(Aim of the exercise): The records below need to be repeated exactly, though not their pictures.
***
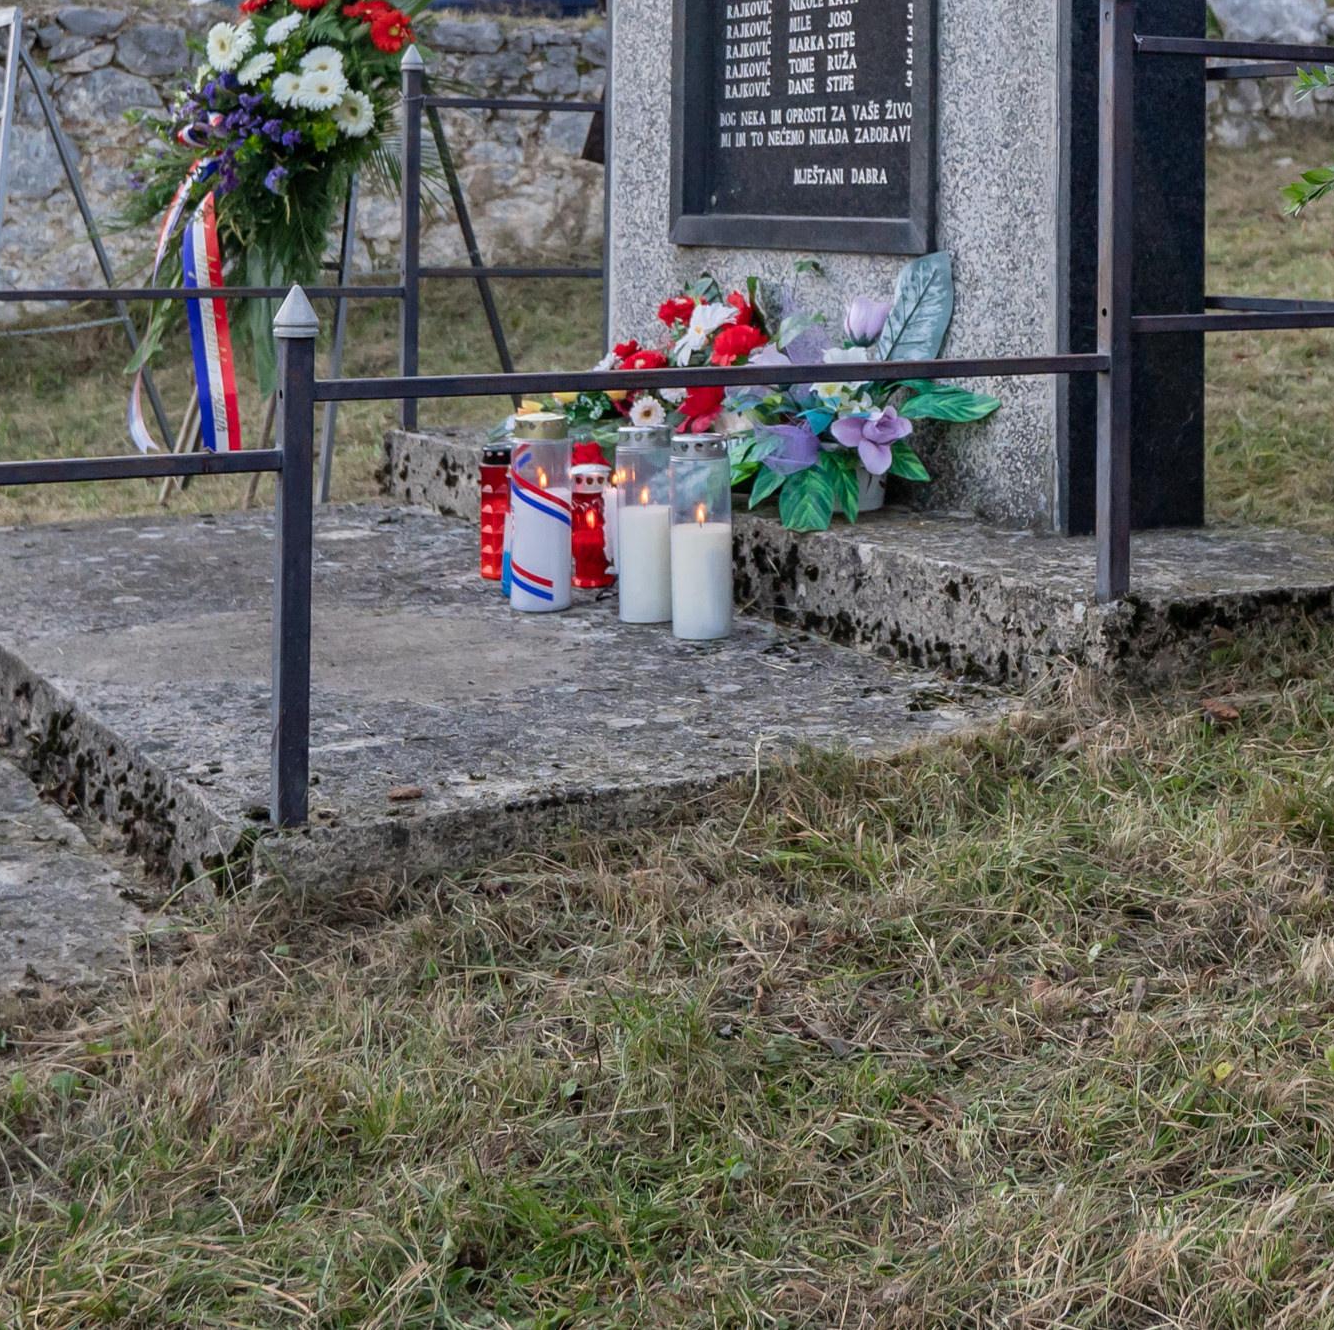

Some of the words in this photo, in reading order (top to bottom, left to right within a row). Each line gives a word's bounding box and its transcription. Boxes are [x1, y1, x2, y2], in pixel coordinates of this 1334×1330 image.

[726, 17, 771, 39] RAJKOVIĆ
[789, 15, 811, 33] MILE
[828, 11, 852, 28] JOSO
[726, 37, 771, 59] RAJKOVIĆ
[789, 35, 824, 54] MARKA
[828, 31, 855, 49] STIPE
[726, 57, 771, 79] RAJKOVIĆ
[789, 57, 815, 74] TOME
[827, 51, 856, 71] RUŽA
[725, 77, 770, 99] RAJKOVIĆ
[788, 78, 814, 94] DANE
[827, 75, 854, 92] STIPE
[720, 113, 736, 126] BOG
[741, 111, 765, 126] NEKA
[771, 109, 781, 124] IM
[786, 107, 826, 124] OPROSTI
[831, 107, 846, 121] ZA
[853, 101, 879, 121] VAŠE
[721, 133, 731, 147] MI
[736, 132, 746, 147] IM
[751, 132, 763, 146] TO
[768, 127, 804, 146] NEĆEMO
[810, 129, 849, 145] NIKADA
[794, 165, 843, 185] MJEŠTANI
[851, 168, 887, 184] DABRA
***
(Solution to this task):
Some of the words in this photo, in reading order (top to bottom, left to right within a row). Each line gives a word's bounding box and its transcription. Boxes are [x1, y1, x2, y2], in pixel coordinates of this 1334×1330 image.

[726, 17, 771, 39] RAJKOVIĆ
[789, 15, 811, 33] MILE
[828, 11, 852, 28] JOSO
[726, 37, 771, 59] RAJKOVIĆ
[789, 35, 824, 54] MARKA
[828, 31, 855, 49] STIPE
[726, 57, 771, 79] RAJKOVIĆ
[789, 57, 815, 74] TOME
[827, 51, 856, 71] RUŽA
[725, 77, 770, 99] RAJKOVIĆ
[788, 78, 814, 94] DANE
[827, 75, 854, 92] STIPE
[720, 113, 736, 126] BOG
[741, 111, 765, 126] NEKA
[771, 109, 781, 124] IM
[786, 107, 826, 124] OPROSTI
[831, 107, 846, 121] ZA
[853, 101, 879, 121] VAŠE
[721, 133, 731, 147] MI
[736, 132, 746, 147] IM
[751, 132, 763, 146] TO
[768, 127, 804, 146] NEĆEMO
[810, 129, 849, 145] NIKADA
[794, 165, 843, 185] MJEŠTANI
[851, 168, 887, 184] DABRA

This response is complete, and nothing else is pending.